I believe that time will become an important aspect of every piece of data, and that location (X, Y, and Z coordinates) will be just as important. But, not every sensor will collect location (spatial data). I do believe there will be multiple data aggregators in common use at common points (your car, your house, your watch). Those aggregators will package the available data in something akin to an XML object, which allows flexibility. From my perspective, this is where things become very interesting relative to commercial use and data privacy.
Currently, companies like Google make a lot of money from aggregating data from multiple sources, correlating it to a variety of attributes, and then selling knowledge derived from that plethora of data. I believe that there will be opportunities for individuals to use “data exchanges” to manage, sell, and directly benefit from their own data. The more interesting their data, the more value it has and the more benefit it provides to the person selling it. This could have a huge economic impact, and that would foster both the use and expansion of various commercial ecosystems required to manage the commercial and privacy aspects of this technology.
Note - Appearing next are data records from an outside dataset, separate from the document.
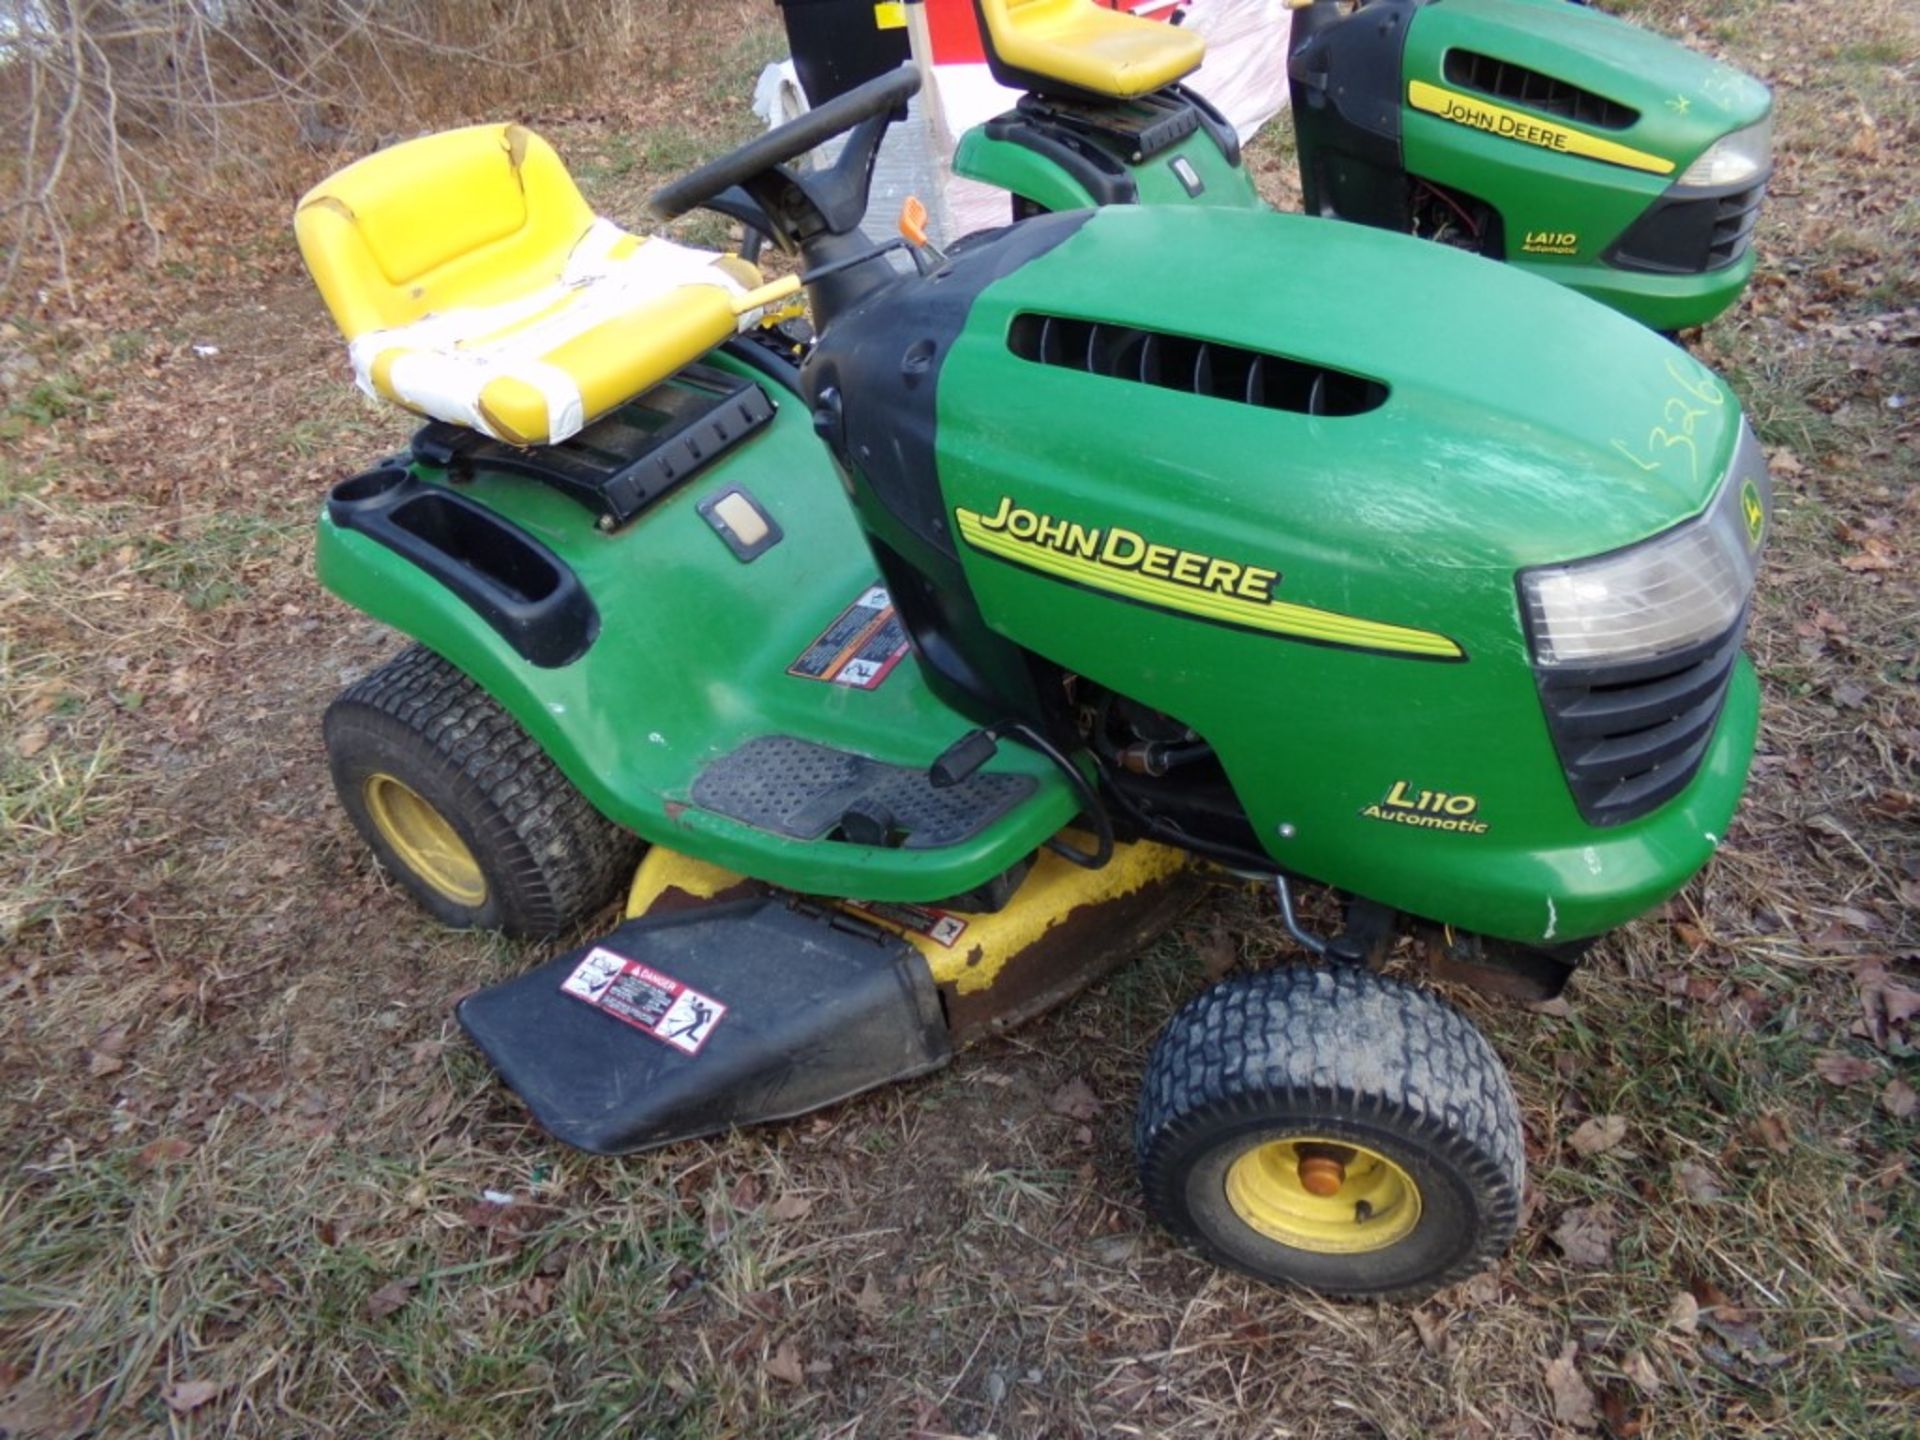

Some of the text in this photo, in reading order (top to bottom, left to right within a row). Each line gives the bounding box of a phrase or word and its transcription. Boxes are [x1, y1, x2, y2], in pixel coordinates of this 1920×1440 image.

[1440, 99, 1568, 149] JOHN DEERE
[1525, 231, 1577, 246] LA110
[980, 496, 1279, 602] JOHN DEERE
[1385, 780, 1477, 816] L110
[1362, 804, 1489, 834] Automatic
[639, 966, 678, 992] DANGER
The next logical step in this vision is “smart everything.” For example, you could buy a shirt that is just a shirt. But, for an extra cost, you could turn-on medical monitoring or refractive heating/cooling. And, if you felt there was a market for extra dimensions of data that could benefit you financially, then you could enable those sensors as well. Just think of the potential impact that technology would make to commerce in this scenario.
This is what I personally believe will happen within the next decade or so. This won’t be the only type of or use of big data. Rather, there will be many valid types and uses of data – some complementary and some completely discrete. It has the potential to become a confusing mess. But, people will find ways to ingest, categorize, and correlate data to create value with it – today or in the future.
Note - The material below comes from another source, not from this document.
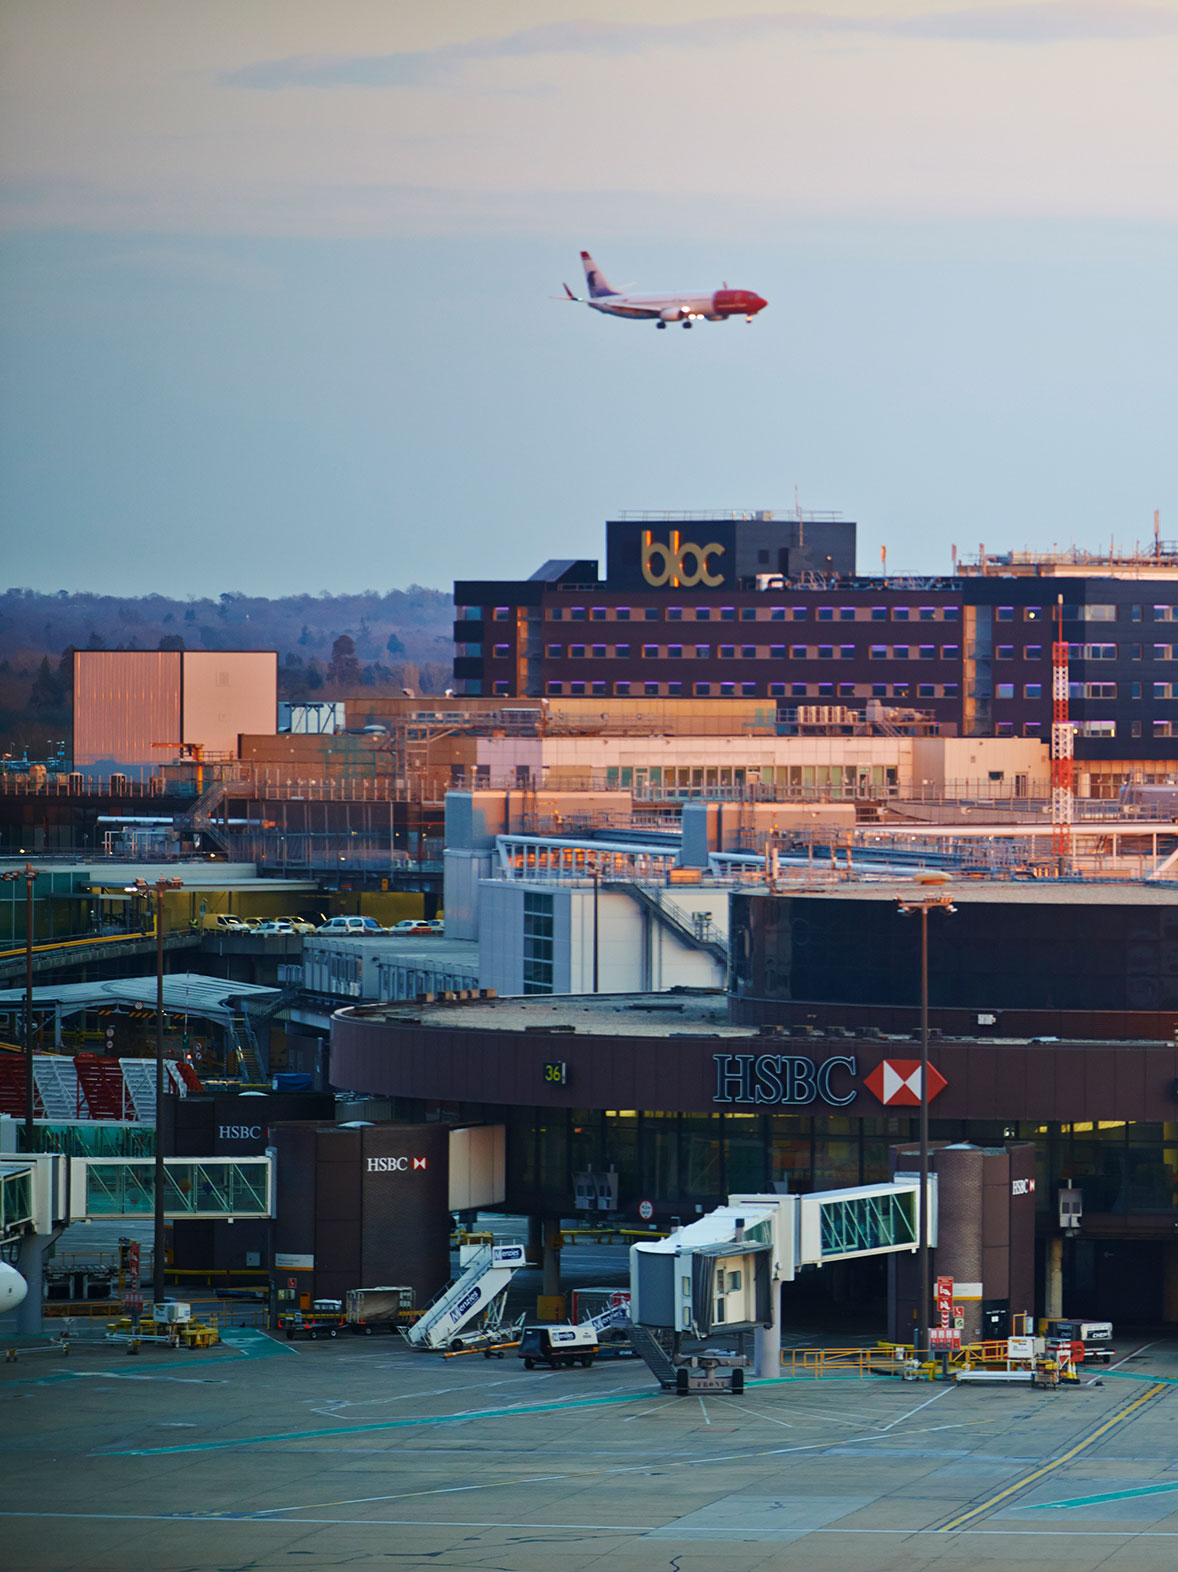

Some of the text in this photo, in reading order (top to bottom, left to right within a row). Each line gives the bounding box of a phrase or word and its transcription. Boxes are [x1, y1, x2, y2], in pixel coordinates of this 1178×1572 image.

Utilizing data will become an increasingly competitive advantage for people and companies knowing how to do something interesting and useful with it. Who knows what will be viewed as valuable data 5-10 years from now, but it will likely be different than what we view as valuable data today.
So, what are your thoughts? Can we predict the future based on the past? Or, is it simply enough to create platforms that are powerful enough, flexible enough, and extensible enough to change our understanding as our perspective of what is important changes? Either way it will be fun!